Youri Rytkhèou signe ici un chant d'amour pour le peuple tchouktche auquel il appartient. L'étrangère aux yeux bleus, c'est Anna, cette jeune fille ambitieuse et entêtée qui rêve d'égaler Margaret Mead, la célèbre anthropologue qu'elle tient pour modèle.
"Je ne veux pas renouveler l'exploit scientifique de Margaret Mead. Je veux la dépasser et m'assimiler au
peuple que j'étudie, chose qu'elle n'a pas réussi à faire. J'irai assurément plus loin qu'elle, je décrirai la vie d'un peuple primitif de l'intérieur et non du dehors".
Sa rencontre avec Tanat s'avère une belle opportunité de découvrir ce peuple de l'intérieur. En moins de deux semaines, les jeunes tourtereaux sont mariés et partent vivre dans la toundra sous la yaranga familiale. Pour Tanat, les choses sont plus compliquées. Parti étudier pour pouvoir quitter le campement, il sacrifie son rêve pour les beaux yeux de la tanguitan, l'étrangère.
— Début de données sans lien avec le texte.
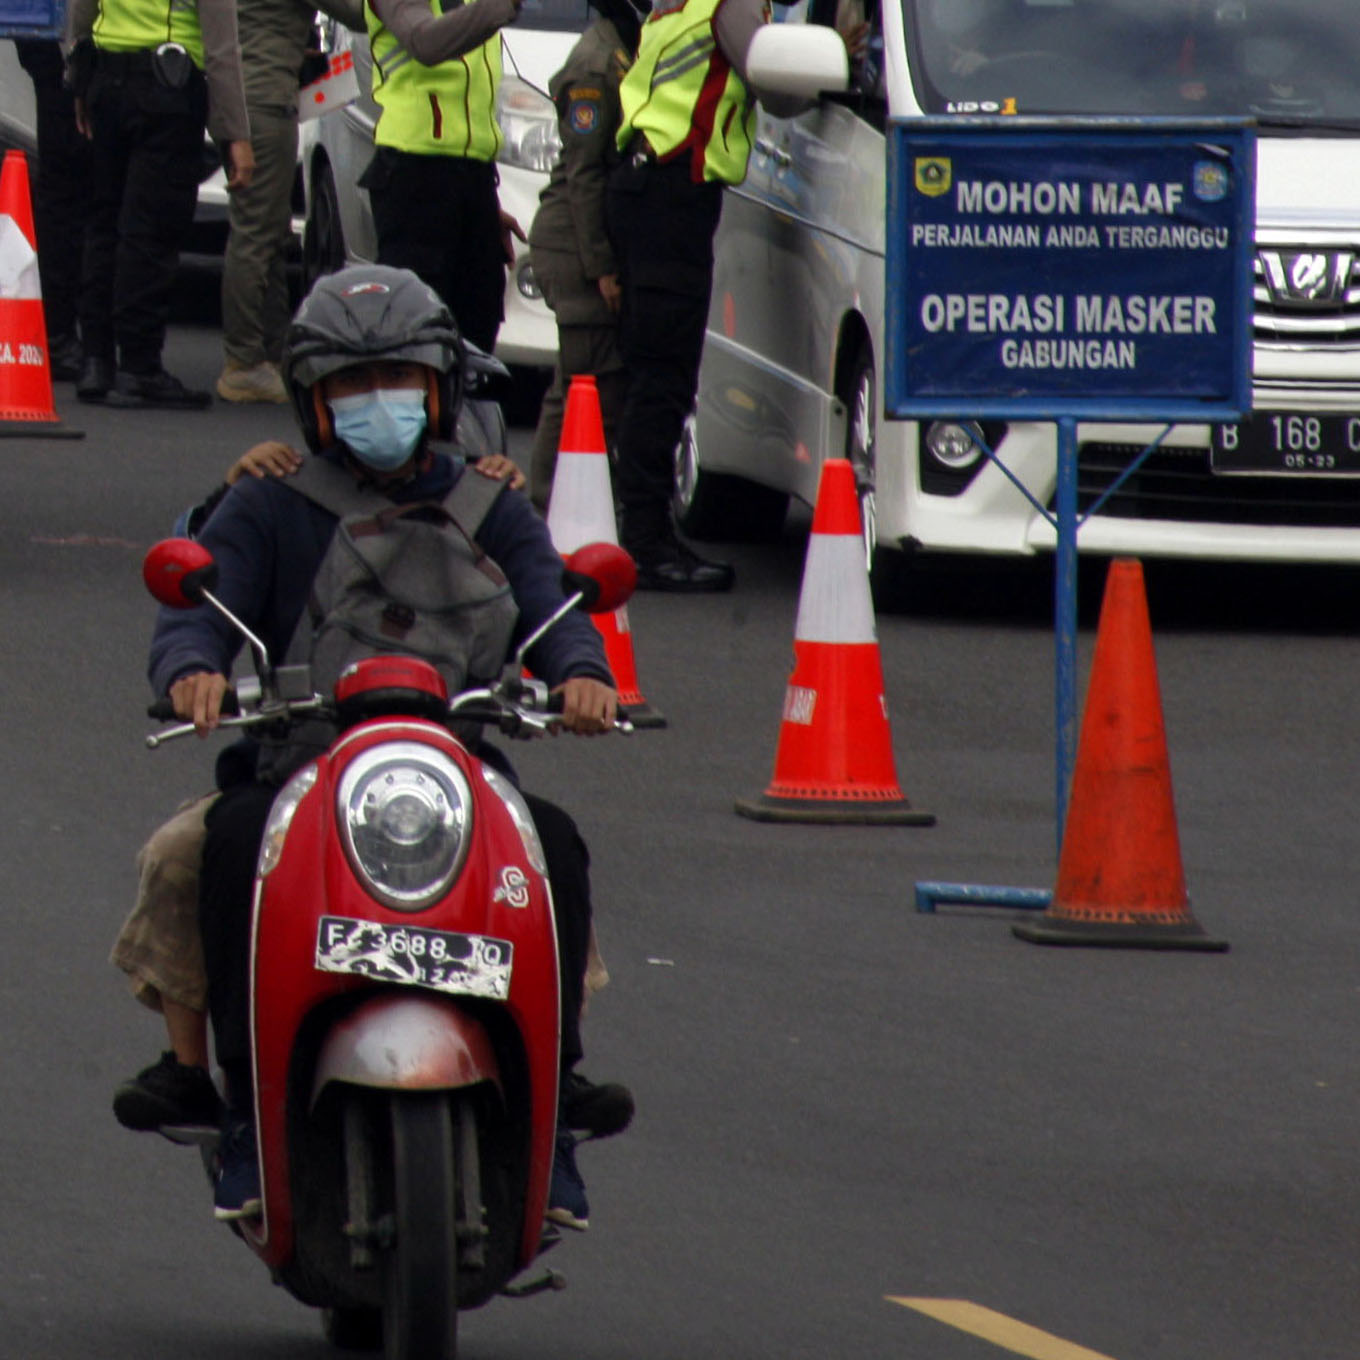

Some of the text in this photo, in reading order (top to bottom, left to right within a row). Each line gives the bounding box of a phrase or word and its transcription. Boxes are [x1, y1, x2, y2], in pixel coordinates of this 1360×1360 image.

Ensuite, il va devoir faire accepter cette dernière auprès de sa famille qui l'a déjà promis à une autre jeune fille depuis son enfance...
La bonne volonté d'Anna fera pencher la balance. La jeune fille se plie aux traditions tchouktches sans se plaindre et montre beaucoup d'ardeur dans son apprentissage des tâches quotidiennes dont elle prend soin de noter les détails dans un petit carnet chaque soir.
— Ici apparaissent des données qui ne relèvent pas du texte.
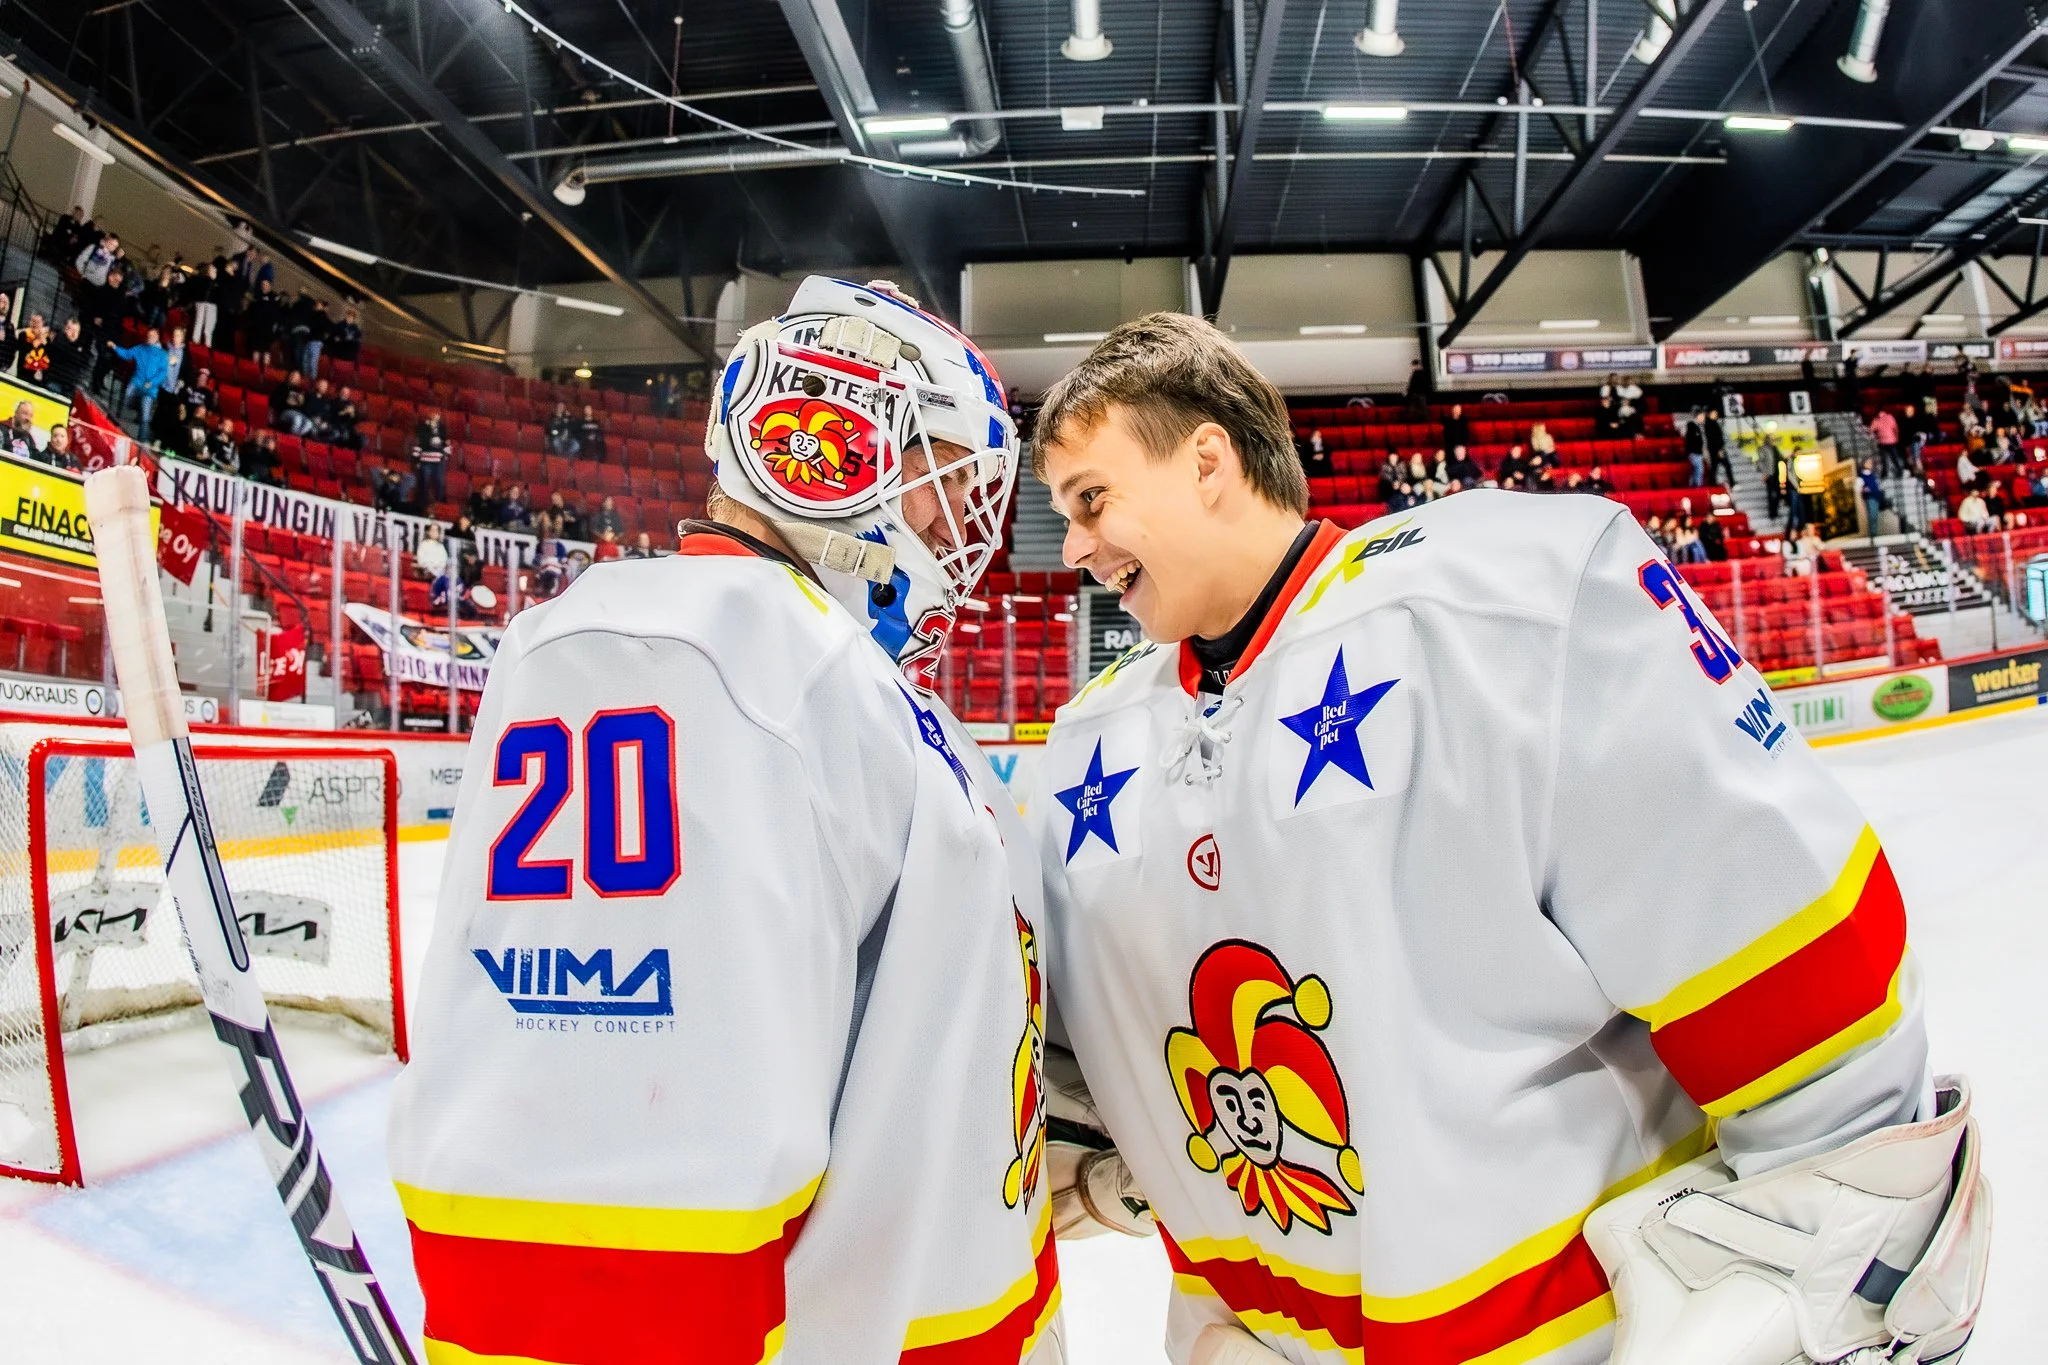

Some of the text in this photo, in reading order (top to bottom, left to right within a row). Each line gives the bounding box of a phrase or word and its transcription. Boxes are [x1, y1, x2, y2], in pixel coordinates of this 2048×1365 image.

Pendant ce temps, les éleveurs de rennes sont inquiets. L'administration russe communiste veut éradiquer les nomades, dernier bastion d'un mode de vie arriéré. Pour cela, elle impose aux éleveurs une politique de kolkhozes qui s'avèrent plus destructeurs que bénéfiques pour la survie des rennes. Tanat et sa famille se dresse contre cette collectivisation forcée et nomadise en se cachant des autorités. Mais pour combien de temps encore ?
Ce roman dépaysant nous plonge véritablement au coeur de la culture tchouktche. A travers l'initiation d'Anna, le lecteur découvre de l'intérieur les traditions d'un peuple qui a peu changé au fil des siècles. Élevage des rennes, tannage des peaux, cuisine, protection contre le froid, chamanisme, musique, ...etc. Tout les points sont abordés dans les grandes largeurs et c'est avec beaucoup de plaisir qu'on prend connaissance de toute la richesse de cette culture préservée. Mais hélas, on assiste également à la menace qui pèse sur le nomadisme tchouktche. Là encore, avec beaucoup de simplicité, nous sont détaillés les conséquences désastreuses des fermes collectives. Le poids du communisme est plus que palpable et pas forcément en bien. Pour autant, les tchouktches ne sont pas contre le progrès et une réflexion intéressante se fait jour entre les lignes sur le futur des populations nomades traditionnelles. Authentique, vivant, l'auteur nous offre de très belles pages sur son peuple, sa terre qu'il sait décrire avec beaucoup d'affection et de minutie.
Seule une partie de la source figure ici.